#### [Activity]
The expected output is the line with "Some of the words" followed by every remaining line of the entries, all repeated exactly.

[Images for object localization]
_ _ _
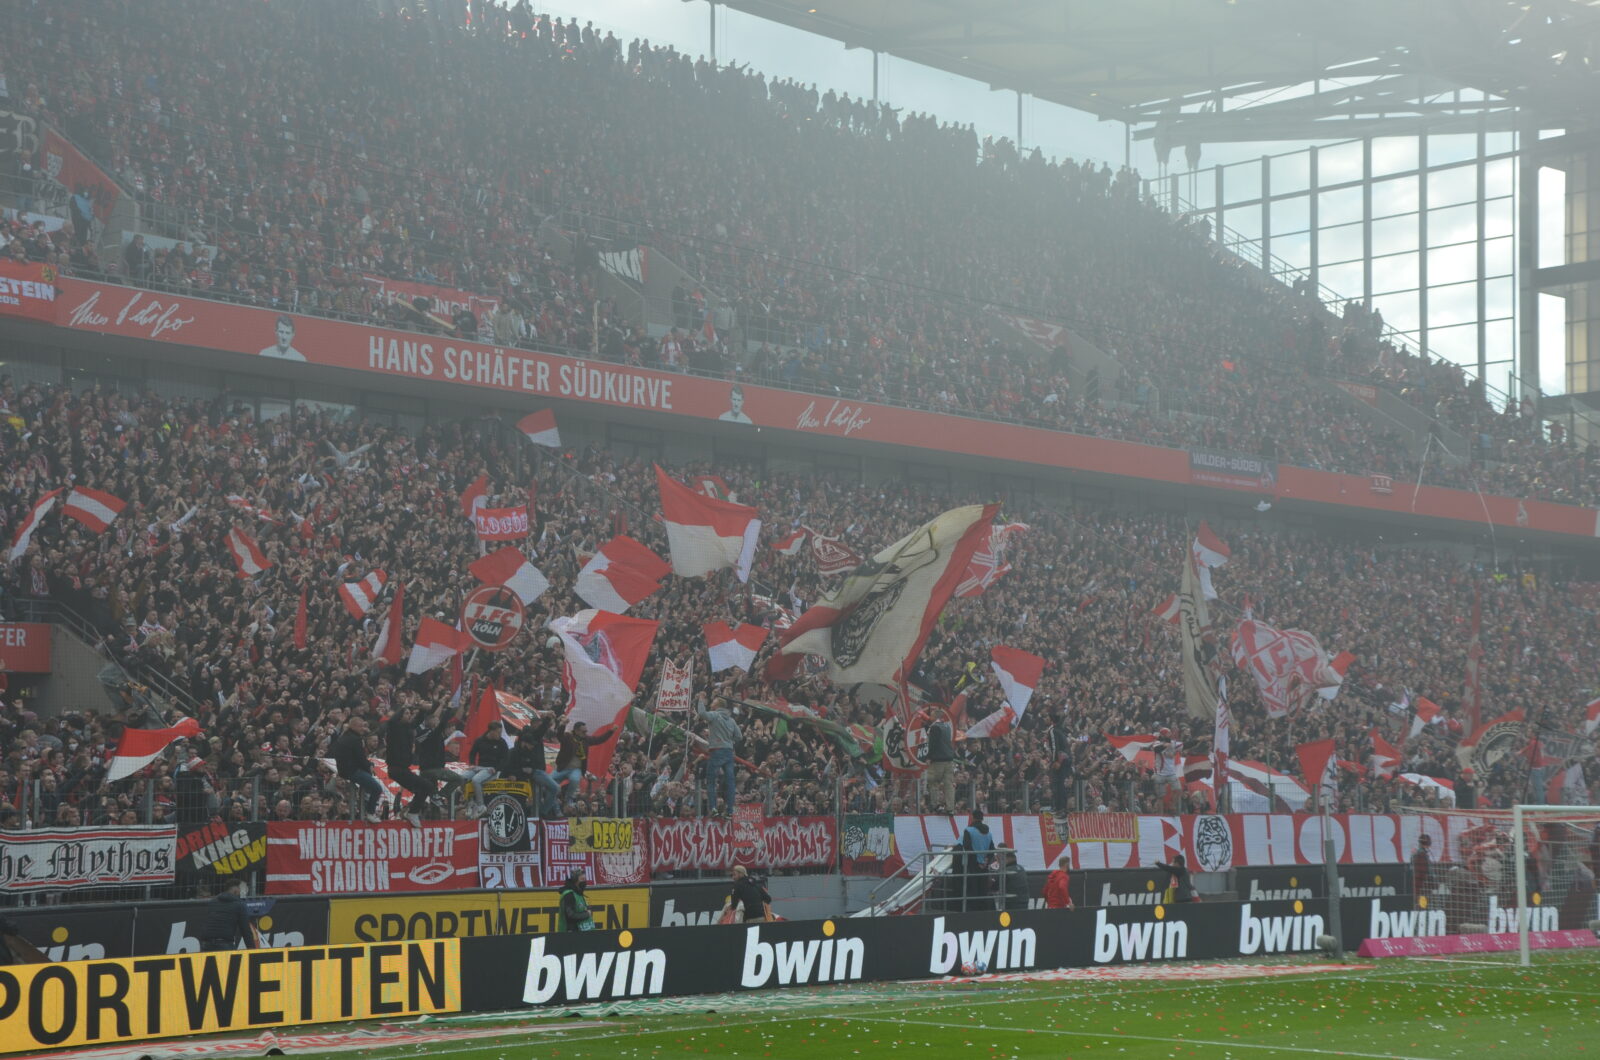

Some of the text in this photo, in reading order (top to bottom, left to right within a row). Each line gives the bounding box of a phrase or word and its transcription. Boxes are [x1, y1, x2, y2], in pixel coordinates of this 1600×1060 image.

[369, 335, 674, 411] HANS SCHÄFER SÜDKURVE
[1192, 452, 1226, 469] WILDER
[472, 620, 502, 637] KÖLN
[176, 822, 229, 861] DRIN
[298, 823, 455, 861] MÜNGERSDORFER
[592, 821, 617, 849] DES
[618, 822, 632, 849] 99
[1069, 813, 1136, 840] STADIONVERBOT
[47, 841, 170, 884] Mythos
[192, 829, 250, 871] KING
[213, 835, 266, 875] NOW
[311, 860, 390, 892] STADION
[1093, 904, 1189, 963] bwin
[1239, 900, 1325, 955] bwin
[1370, 895, 1447, 938] bwin
[1489, 891, 1560, 936] bwin
[740, 919, 866, 988] bwin
[929, 911, 1037, 975] bwin
[522, 930, 667, 1004] bwin
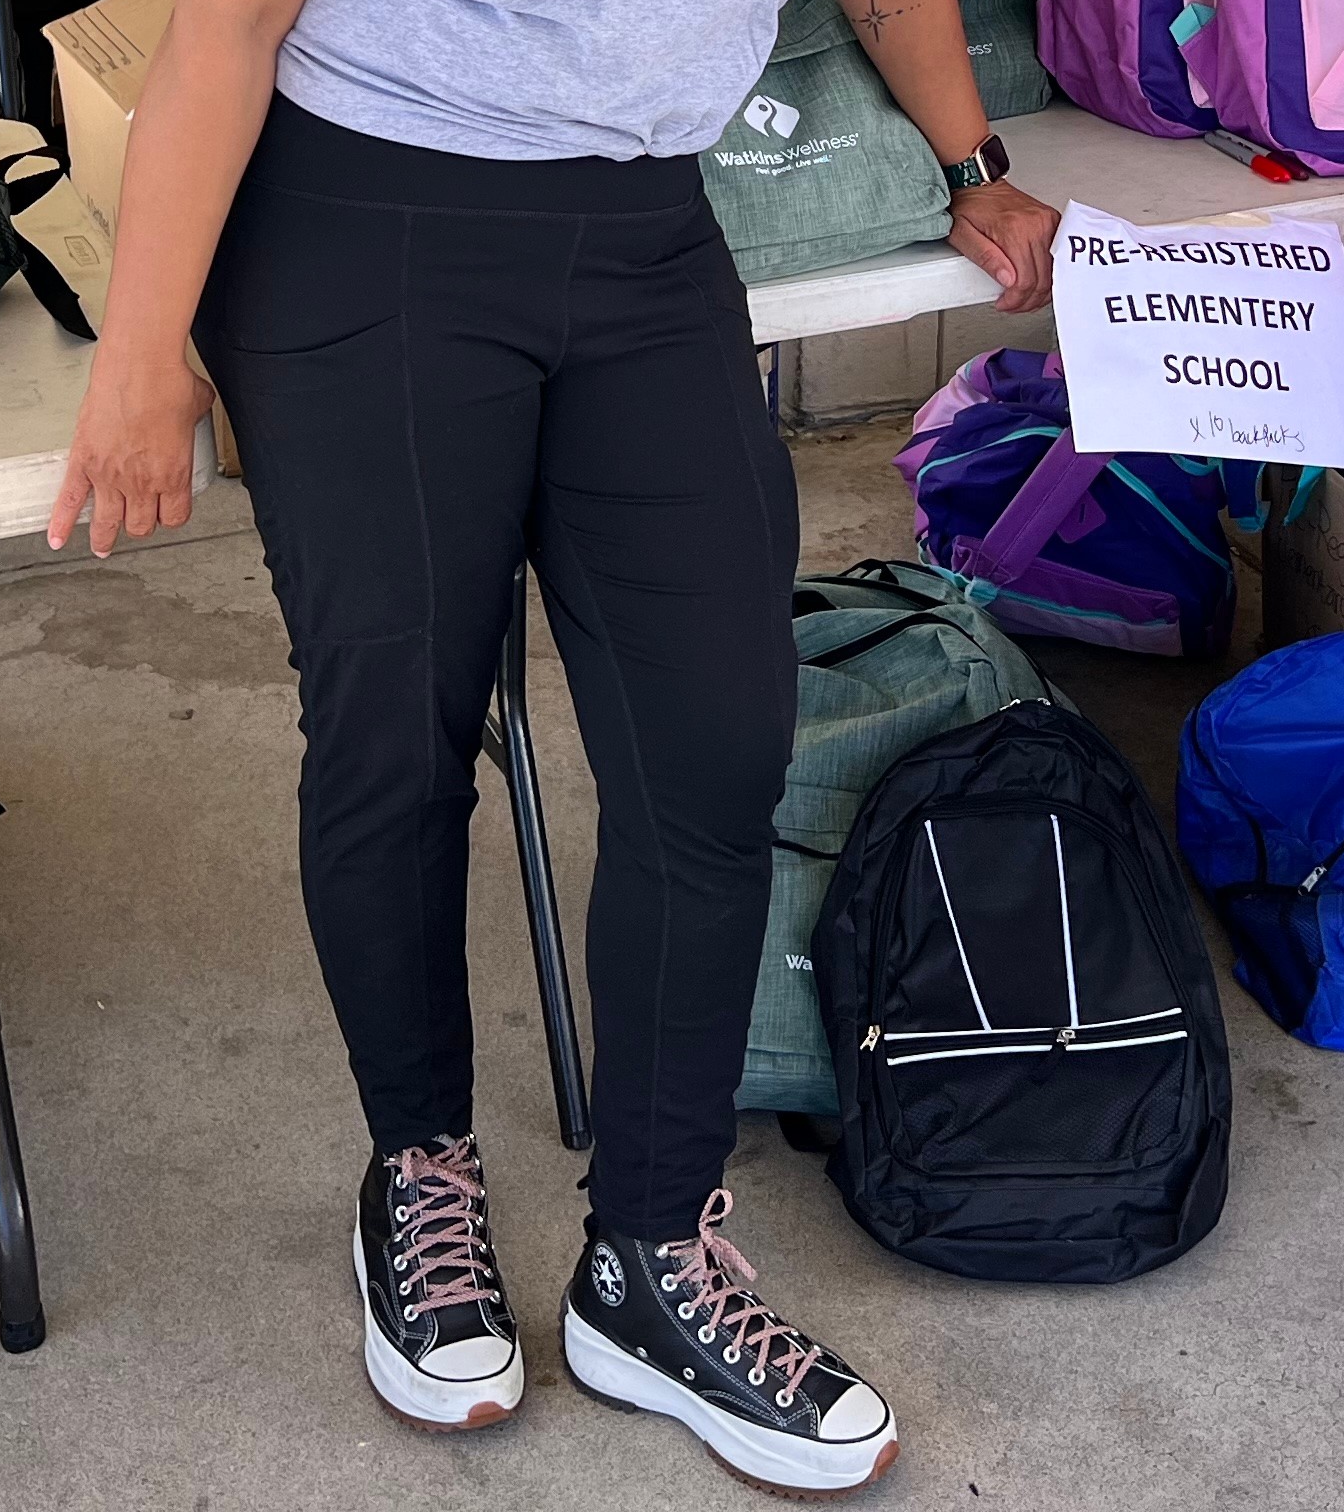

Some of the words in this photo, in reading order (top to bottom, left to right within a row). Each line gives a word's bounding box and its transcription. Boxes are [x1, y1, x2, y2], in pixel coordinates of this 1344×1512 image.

[1068, 235, 1331, 272] PRE-REGISTERED
[1105, 294, 1315, 332] ELEMENTERY
[1163, 354, 1290, 392] SCHOOL
[1208, 410, 1224, 438] 10
_ _ _
#### [Result of this exercise]
Some of the words in this photo, in reading order (top to bottom, left to right within a row). Each line gives a word's bounding box and its transcription. Boxes are [x1, y1, x2, y2], in pixel coordinates of this 1344×1512 image.

[1068, 235, 1331, 272] PRE-REGISTERED
[1105, 294, 1315, 332] ELEMENTERY
[1163, 354, 1290, 392] SCHOOL
[1208, 410, 1224, 438] 10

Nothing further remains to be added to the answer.